5 Activities for Teaching Vocabulary

These vocabulary strategies are perfect for elementary students.  With a little tweaking, these indirect instructional techniques can be done every day. 

When children learn the meaning of words through oral language and reading experiences, it becomes locked into their long-term memory. This means we have to teach higher order thinking skills and give our students plenty of opportunities to experience words in a variety of ways.

Indirect activities for teaching vocabulary helps students to learn vocabulary when they hear and see words used in many different forms, such as conversations, read-aloud experiences, and independent reading.

This is backed by research-based evidence as shown in the study done by Partnership for Reading, 2001.

5 Vocabulary Instruction Activities

1. Interactive Read Aloud
Reading aloud is one of the most important reading comprehension interventions and vocabulary acquisition strategies a teacher can do.

It is well documented that reading books aloud to children delivers a higher rate of “rare” words that they would not normally be exposed to in general conversation. By exposing them to different texts, teachers are directly effecting the number of words a child will hear in a year, which correlates strongly to reading comprehension.
There is a correct way to do an interactive read aloud – it is not just for after recess!

2. Vocabulary Notebook
Students can keep a vocabulary notebook where they record new words they encounter when they are reading independently or listening to a story.

The meanings of these words should be recorded later when the context clues are provided in the text. This will take some modeling, particularly with younger students.

However, it is a very useful indirect method of teaching vocabulary that causes students to internalize their own learning.

3. Daily Words
We want our students to retain the meaning of important vocabulary, so it must be consistently utilized within the classroom. If the words are only introduced, they do not get into the students’ long-term memories. Therefore, teachers need to make using these new words an every day part of the classroom language.

Vocabulary is not stored only as individual words, but also as parts of phrases and larger chunks. These can be retrieved from the memory as a whole, which reduces difficulties with processing and deep comprehension.

You can promote this indirect way of teaching vocabulary through my morning message, when we line up, during class discussions…wherever the possibility arises. It is also referred to as a “Vocabulary Flood” in the May 2012 issue of The Reading Teacher (Flooding Vocabulary Gaps to Accelerate Word Learning: Brabham, Buskist, et al).

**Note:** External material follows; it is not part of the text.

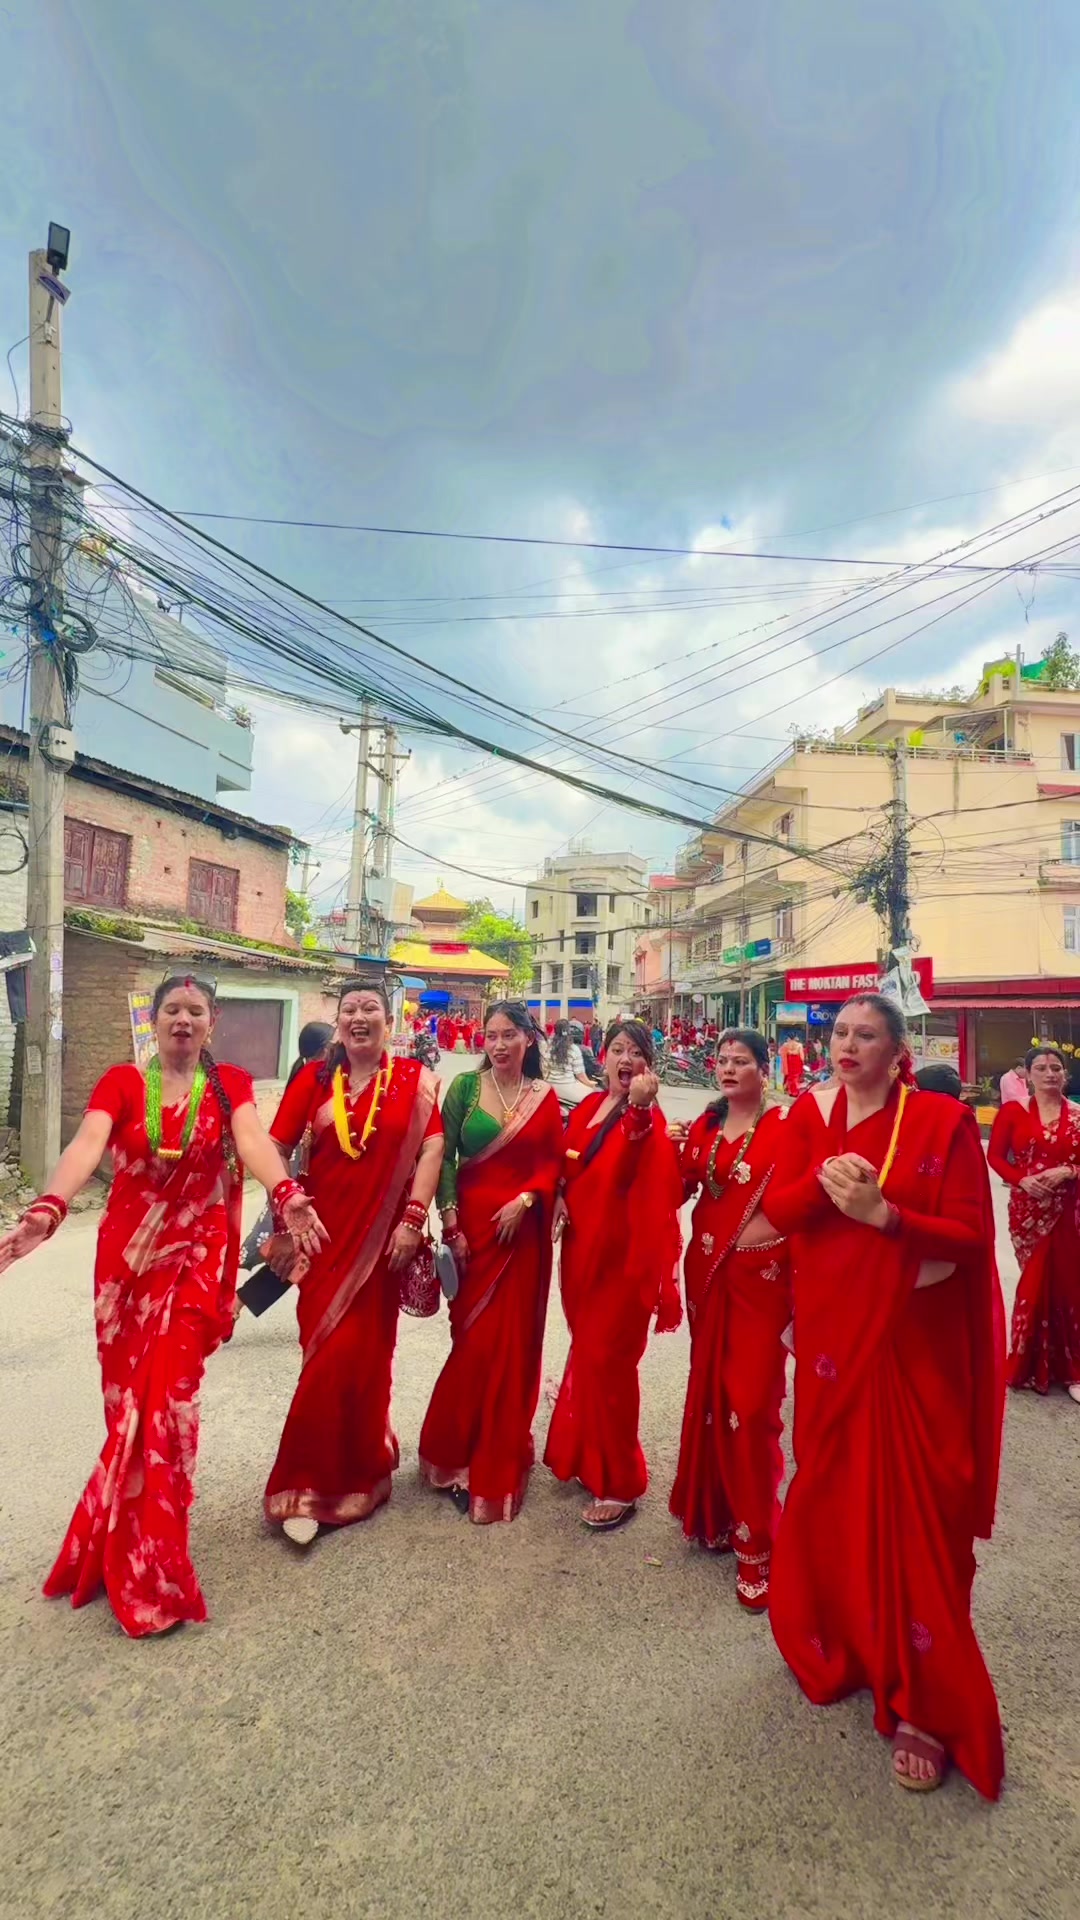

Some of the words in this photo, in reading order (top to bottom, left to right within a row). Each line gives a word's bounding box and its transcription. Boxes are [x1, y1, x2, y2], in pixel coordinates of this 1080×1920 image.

The activities for teaching vocabulary that are specifically mentioned included integration of words into “language gestalts,”, repetition and meaningful use of words.

4. Label Classroom Objects
Labeling objects in a classroom is not just for kindergarteners.

This is one of the easiest activities for teaching vocabulary indirectly, and the students love to find what you have labeled or changed in their environment.

It also brings realia into the classroom, which is using concrete objects to increase vocabulary understanding.
Some examples of labeling are: label the rocking chair with the word “glider.” The teacher table becomes a “trestle,” and the class bookshelf is divided into tubs with clearly labeled genres, such as “allegories,” “memoirs,” and “myths.”

Through labeling classroom objects, you are making rare words become known, familiar words that will be embedded deeply into the students’ long-term memories.

5. Integrate use of multi-media
Growth will happen naturally as students talk to each other, listen to music, watch television shows and listen to stories. This is one of the keys to indirectly using activities for teaching vocabulary. In her book Words, Words, Words: Teaching Vocabulary in Grades 4-12 Janet Allen writes this about her students:

“They used the words they heard on television and radio; they used words from the music they listened to; and they used the words I used with them.”

Choose vocabulary-rich multi-media to use within your classroom. Students can listen to stories you have downloaded on to MP3s, watch short video clips together and discuss them or read the lyrics to music while listening to it.